When I was in Kindergarten, my classmates and I were told to draw something food or from the kitchen.  Being the consummate table setter that I am, I tried drawing a place setting, but ultimately failed.  I never was good at art.  What we didn’t know at the time is that the drawings would be used in a cookbook for Lincoln-McKinley school.  My mother of course had a copy, and I finally got one on a lucky day at a rummage sale.  The banana bread recipe she uses is in this book, and it is the same one I use.  This is how I make banana bread:

2 1/2 c. flour
1 c. sugar
3 t. baking powder (Mom used either Calumet or Clabber Girl, I use either/or, too)
1/4 c. butter
3/4 c. milk
1 egg
1 c. mashed bananas (overripe is best, it gives of a really delicious “banana-y” flavor)
1 c. chopped nuts (Mom mostly used walnuts.  I didn’t have them on hand the last time I made banana bread so I used sliced almonds.)

Preheat oven to 350 degrees F.  Grease and flour two loaf pans.  Sift together dry ingredients.  Combine with the rest of the ingredients.  Mix at medium speed until well mixed. (I just mixed with a big kitchen spoon.)  Bake 55 to 65 minutes.  Cool before slicing.  Makes 2 loaves.  From D. J. Cochran.

After a few minutes I take the loaves out of their pans and let them cool on a wire rack.

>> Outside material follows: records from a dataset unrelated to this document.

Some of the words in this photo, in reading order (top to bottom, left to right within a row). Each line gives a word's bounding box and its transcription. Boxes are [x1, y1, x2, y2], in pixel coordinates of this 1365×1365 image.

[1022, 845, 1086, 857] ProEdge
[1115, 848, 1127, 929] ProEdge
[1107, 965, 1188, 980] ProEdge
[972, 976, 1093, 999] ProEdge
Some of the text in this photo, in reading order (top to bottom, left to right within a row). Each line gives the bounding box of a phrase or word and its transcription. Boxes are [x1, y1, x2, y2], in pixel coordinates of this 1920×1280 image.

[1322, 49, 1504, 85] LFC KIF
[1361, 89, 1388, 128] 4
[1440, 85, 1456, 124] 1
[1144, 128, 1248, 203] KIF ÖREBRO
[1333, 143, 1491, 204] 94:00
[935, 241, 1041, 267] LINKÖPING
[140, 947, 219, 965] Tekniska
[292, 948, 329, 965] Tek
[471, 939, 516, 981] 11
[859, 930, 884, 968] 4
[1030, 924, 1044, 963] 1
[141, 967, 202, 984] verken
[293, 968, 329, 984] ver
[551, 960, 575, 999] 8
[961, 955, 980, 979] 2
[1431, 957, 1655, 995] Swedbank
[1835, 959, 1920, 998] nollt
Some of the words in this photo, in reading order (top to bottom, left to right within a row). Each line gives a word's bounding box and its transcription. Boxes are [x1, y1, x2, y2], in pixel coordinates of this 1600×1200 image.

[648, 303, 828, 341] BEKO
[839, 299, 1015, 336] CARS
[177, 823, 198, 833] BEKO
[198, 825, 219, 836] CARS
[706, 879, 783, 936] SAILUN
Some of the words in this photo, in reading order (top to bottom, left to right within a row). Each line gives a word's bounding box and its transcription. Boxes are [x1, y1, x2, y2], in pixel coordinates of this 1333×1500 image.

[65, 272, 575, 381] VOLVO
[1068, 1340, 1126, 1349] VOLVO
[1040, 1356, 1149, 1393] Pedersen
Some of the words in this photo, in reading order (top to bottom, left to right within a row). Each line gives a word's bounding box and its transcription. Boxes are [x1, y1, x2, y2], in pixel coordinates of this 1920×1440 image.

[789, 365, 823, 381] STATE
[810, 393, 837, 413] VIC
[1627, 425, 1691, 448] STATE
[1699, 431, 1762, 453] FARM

Enjoying banana bread and cranberry/orange tea on a cold autumn day. The famous Lincoln-McKinley cookbook is to the upper right. One of my favorite things to do is mix Fiesta with other china patterns; a P86 Yellow salad plate is paired with Royal Albert’s Old Country Roses Ruby Lace tea cup and saucer and “Leona Helmsley’s” Mayer china tea pot on a silver plated platter by Wilcox Silver Plate Company.